I was left alone in an acute assessment unit with my seniors having to attend various medical emergencies across the hospital. On the ward, a nurse collapsed in exhaustion.

I spent my time going between critically-sick patients, having to make quick decisions and calling families in. I had to perform CPR on a woman in her fifties who did not survive.

I felt utterly helpless and overwhelmed. I cried all the way home.

Since then, I have been signed off work due to my deteriorating mental health. Within the NHS, I have found that there is little support for those suffering mental health issues.

Shockingly, 52% of doctors reported suffering poor mental health in the last 12 months, with burnout affecting more than three quarters of hospital doctors on the frontline. There is now a National Physician Suicide Awareness Day as doctors are up to four times more likely to die by suicide compared to the general population.

Research has found that many struggling doctors do not seek help due to the stigma within the medical profession, feeling shame and guilt to take on the ‘patient’ role. I know I’ve really struggled returning to work due to fear of how I’ll be perceived.

I have now been off for four months and I am due to return to work next month. I have to remind myself that healthcare workers are human too and it’s OK to admit when you’re struggling.

It will be hard to return to work but I am determined to speak openly about my mental health issues. After all, the majority of us are experiencing the same.

So what needs to change? Since 2008, junior doctors have had a 26.1% pay cut in real terms, while workloads and demand continue to rise.

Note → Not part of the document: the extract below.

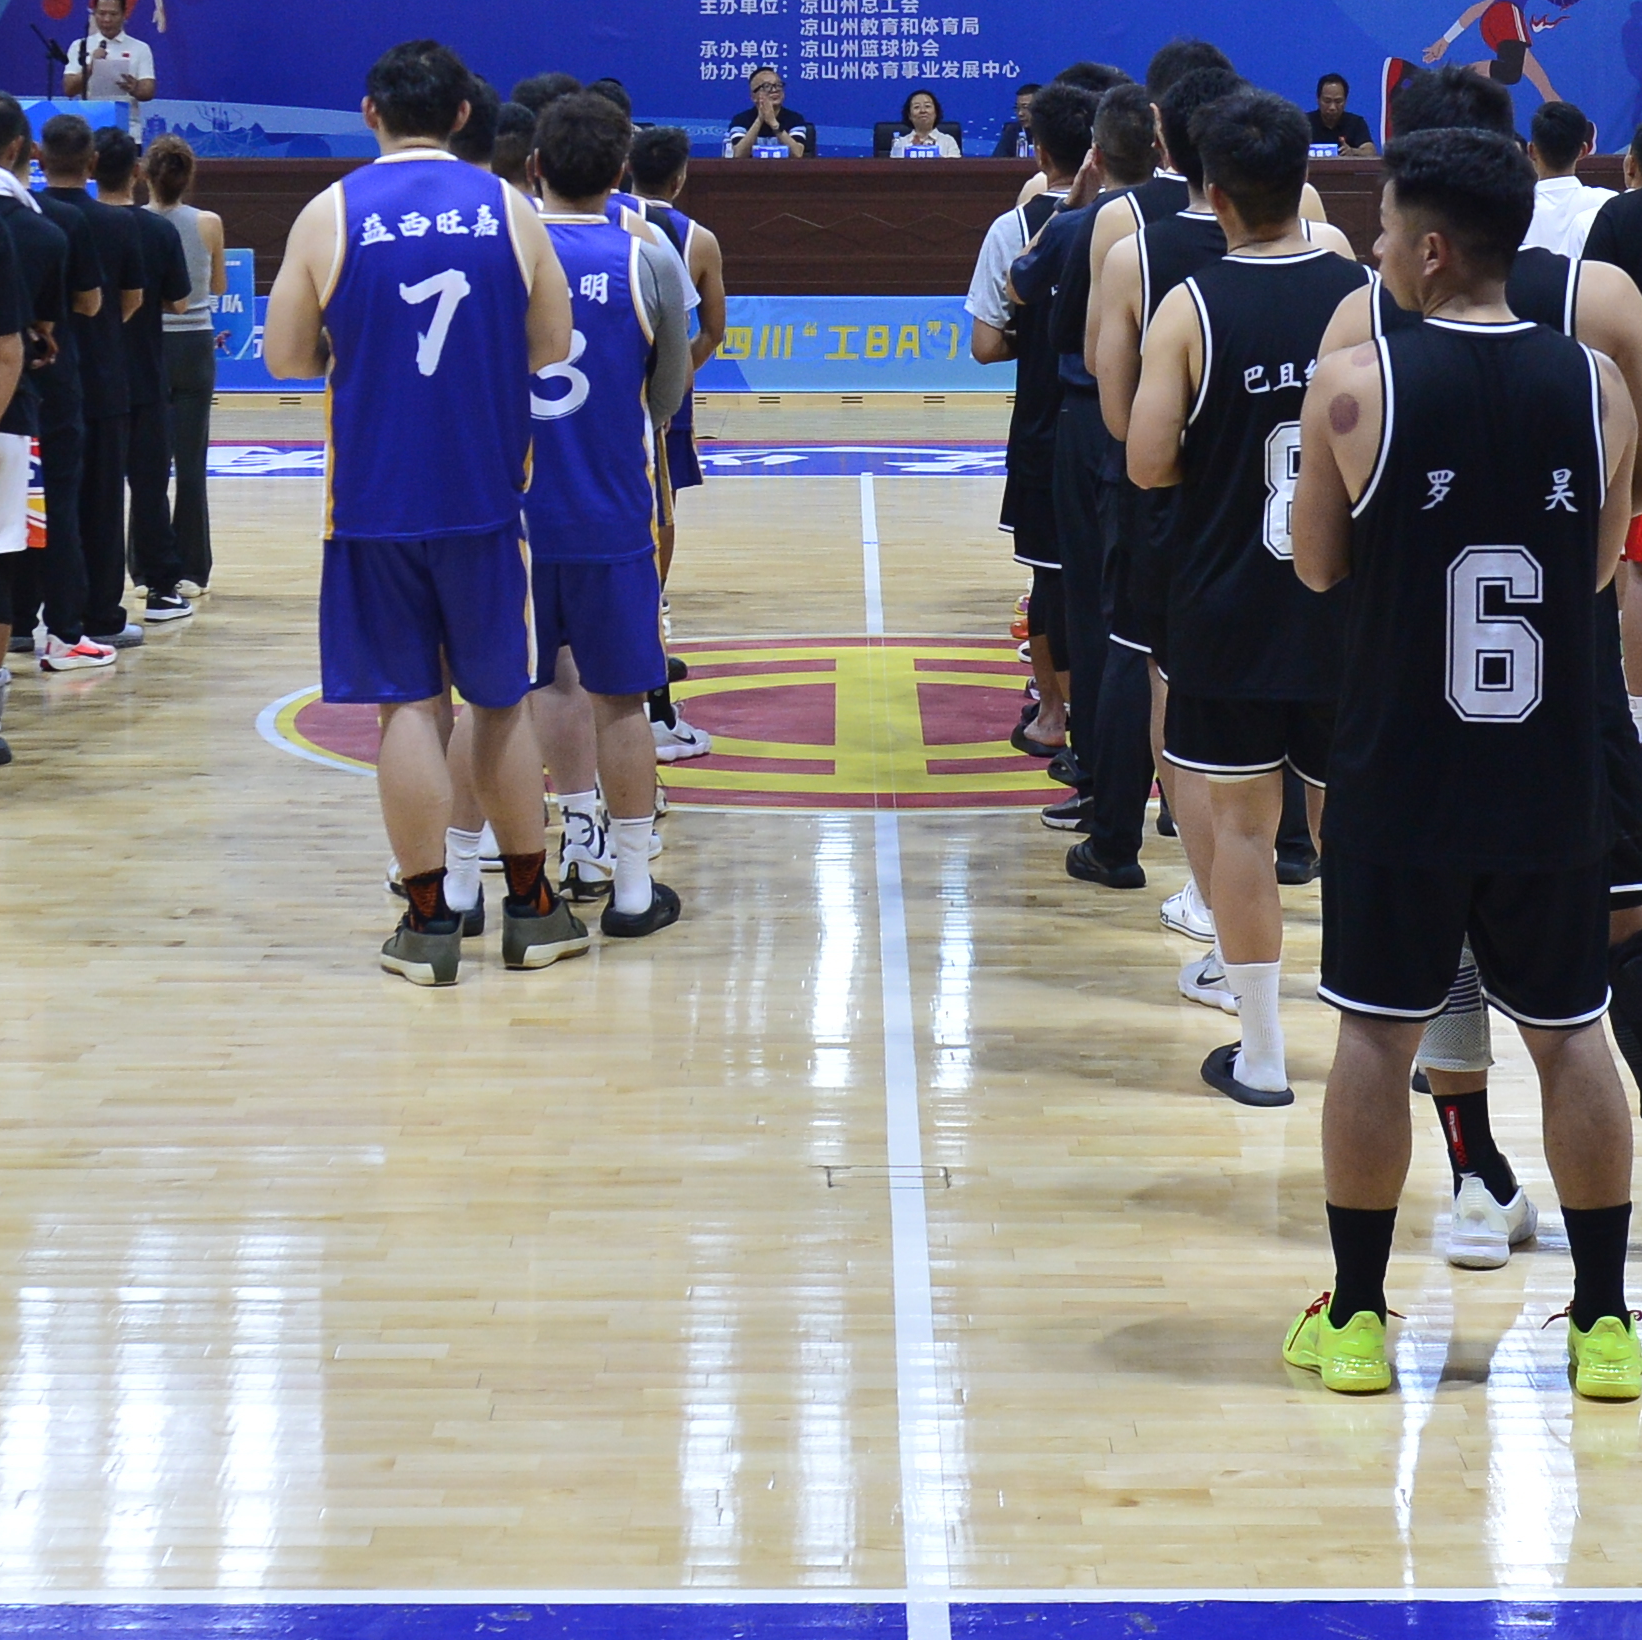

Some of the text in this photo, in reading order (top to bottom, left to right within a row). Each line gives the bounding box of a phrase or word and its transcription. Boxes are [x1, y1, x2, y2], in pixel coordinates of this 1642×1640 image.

[800, 16, 980, 37] 凉山州教育和体育局
[399, 268, 472, 377] 7
[1445, 544, 1544, 723] 6

Last year – while making life or death decisions, as well as working long and mentally-exhausting hours – I earned roughly £29,000, which is below the national average wage. An average working week for a junior doctor is 48 hours, 33% more than the average UK full-time equivalent – all while negligence or manslaughter charges loom if we make a mistake.

Increasing pay won’t fix all the problems, but it would help with staff retention and at least I could afford therapy.

It’s hard to see how the NHS can continue like this. Staff are fed up, burnt out and undervalued.

If things don’t change I, like so many others, will have no choice but to quit the NHS – for good.